70. Climbing Stairs
You are climbing a staircase. It takes n steps to reach the top.
Each time you can either climb 1 or 2 steps. In how many distinct ways can you climb to the top?
题目解析:
- 完全背包问题
代码:
class Solution {
public int climbStairs(int n) {
int[] dp = new int[n+1];
dp[0] = 1;
for (int i = 1; i <= n; i++) {
for (int j = 1; j <= 2; j++) {
if (i - j >= 0) {
dp[i] += dp[i - j];
}
}
}
return dp[n];
}
}
322. Coin Change
You are given an integer array coins representing coins of different denominations and an integer amount representing a total amount of money.
Return the fewest number of coins that you need to make up that amount. If that amount of money cannot be made up by any combination of the coins, return -1.
You may assume that you have an infinite number of each kind of coin.
题目解析:
- 如果求组合数就是外层for循环遍历物品,内层for遍历背包。
- 如果求排列数就是外层for遍历背包,内层for循环遍历物品。
代码:
class Solution {
public int coinChange(int[] coins, int amount) {
if (amount == 0) return 0;
int[] dp = new int[amount+1];
dp[0] = 0;
for (int i = 1; i <= amount; i++) {
dp[i] = amount + 1;
}
for (int coin: coins) {
for (int i = 1; i <= amount; i++) {
if (i - coin >= 0) {
dp[i] = Math.min(dp[i], dp[i - coin] + 1);
}
}
}
return dp[amount] == amount + 1 ? -1 : dp[amount];
}
}
279. Perfect Squares
Given an integer n, return the least number of perfect square numbers that sum to n.
A perfect square is an integer that is the square of an integer; in other words, it is the product of some integer with itself.
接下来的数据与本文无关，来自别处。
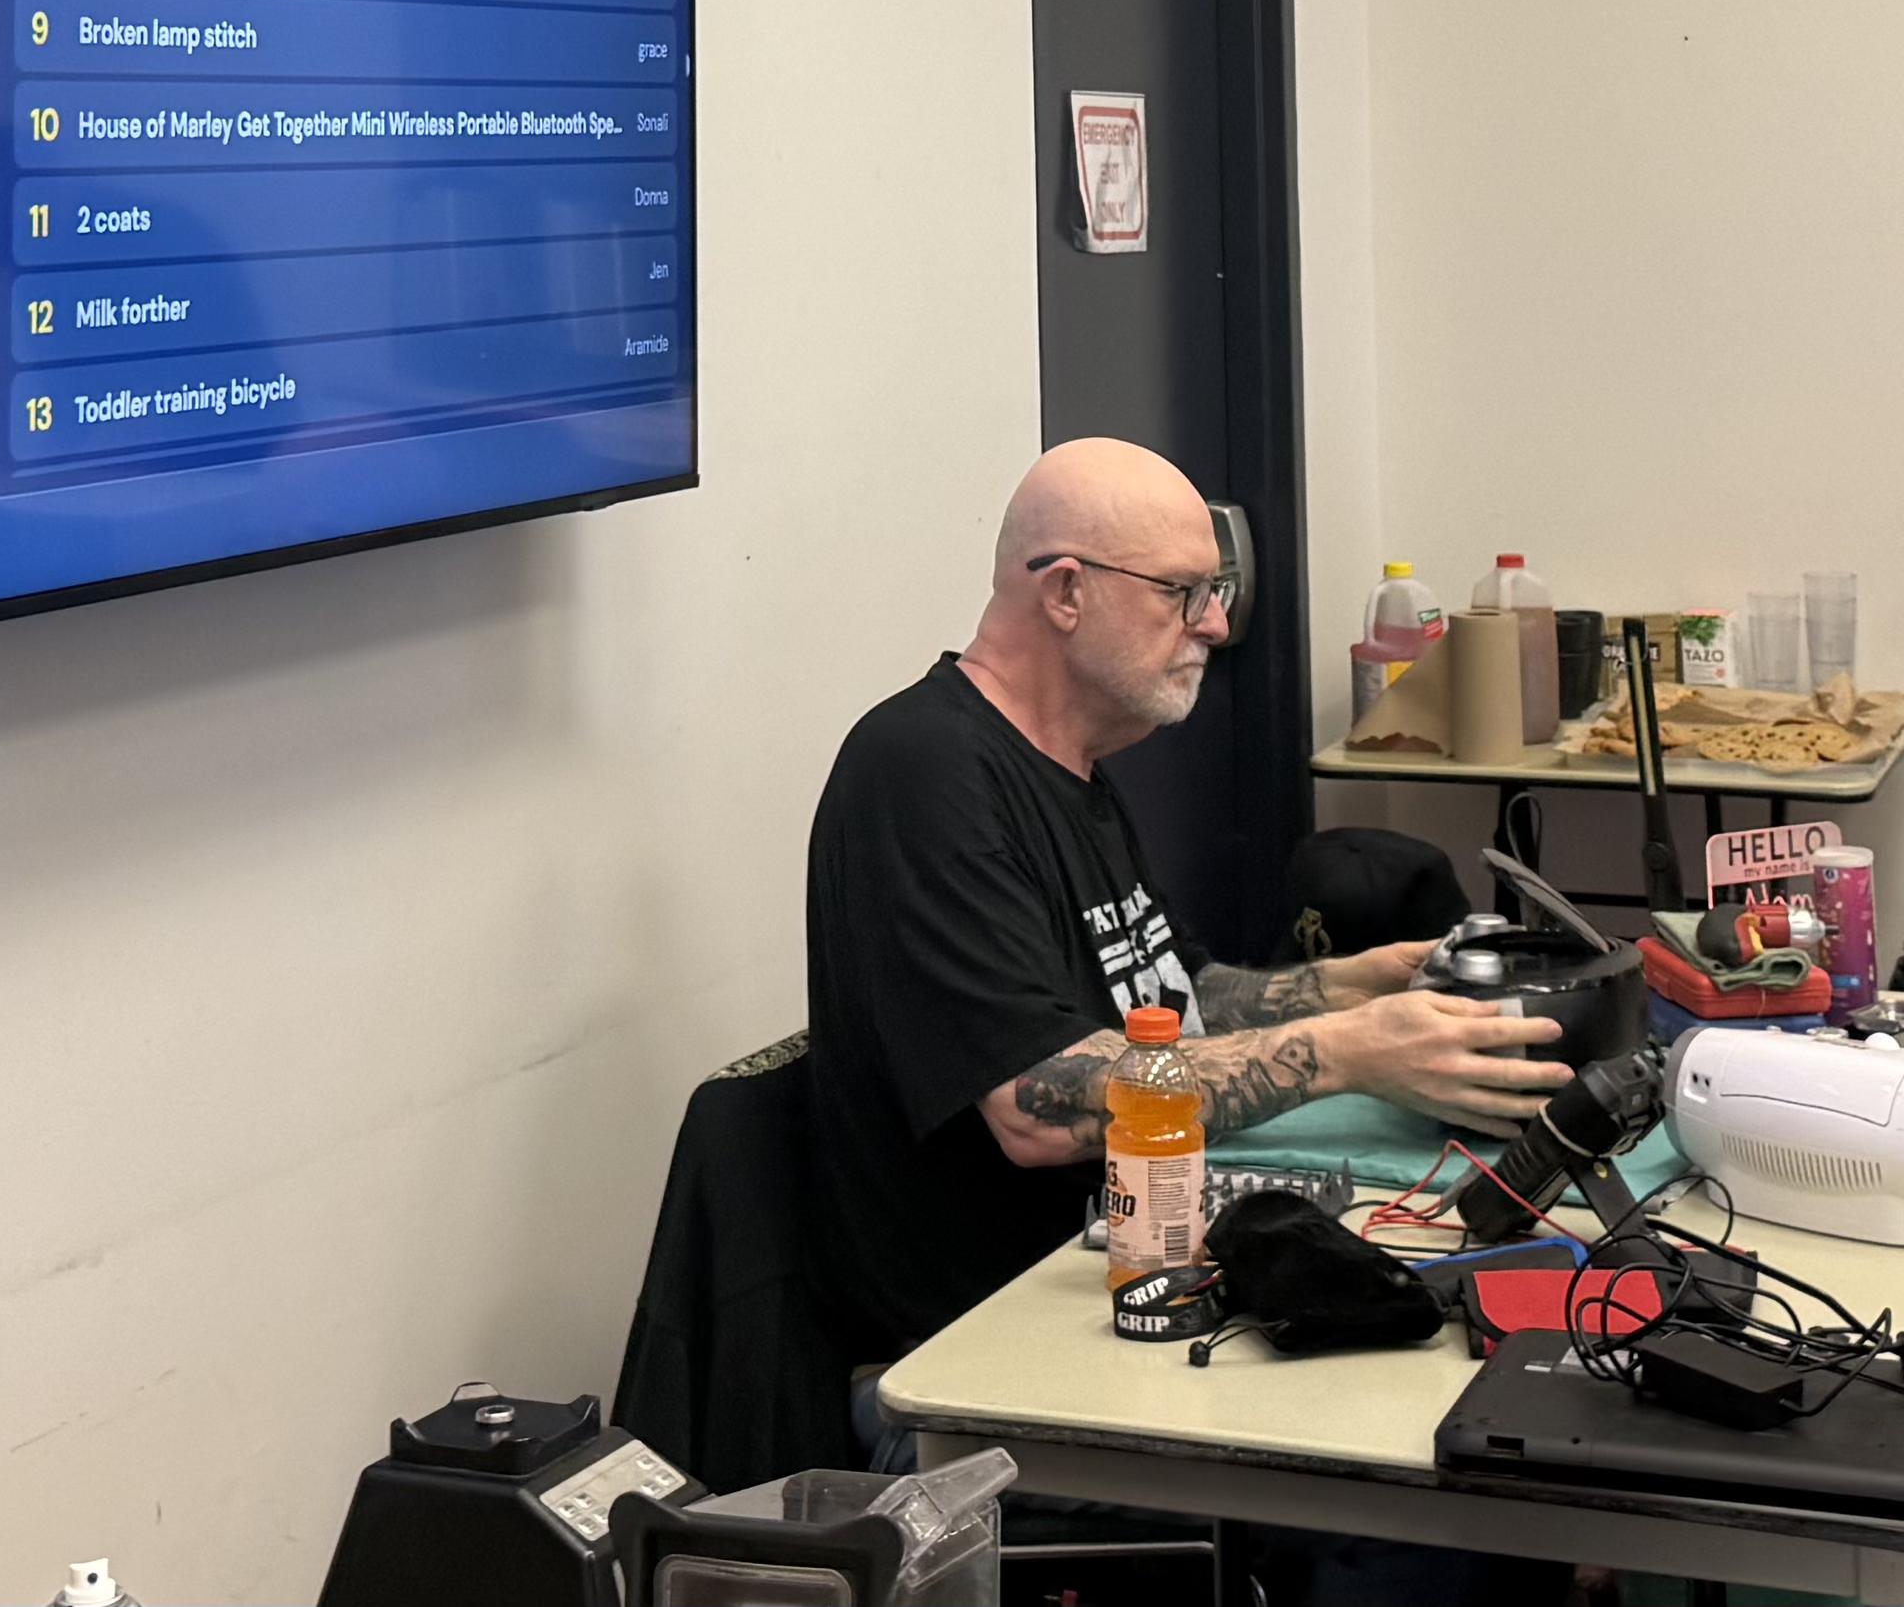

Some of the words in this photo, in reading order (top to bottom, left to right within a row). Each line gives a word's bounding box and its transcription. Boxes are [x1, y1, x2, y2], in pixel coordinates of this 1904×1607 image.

For example, 1, 4, 9, and 16 are perfect squares while 3 and 11 are not.
题目解析:
- 转化成完全背包问题
代码:
class Solution {
public int numSquares(int n) {
int k = (int)Math.sqrt(n);
int[] dp = new int[n + 1];
dp[0] = 0;
for (int i = 1; i <= n; i++) {
dp[i] = n;
}
for (int i = 1; i <= k; i++) {
for (int j = 1; j <= n; j++) {
if (j - i*i >= 0) {
dp[j] = Math.min(dp[j], dp[j - i*i] + 1);
}
}
}
return dp[n];
}
}
总结
- 如果求组合数就是外层for循环遍历物品,内层for遍历背包。
- 如果求排列数就是外层for遍历背包,内层for循环遍历物品。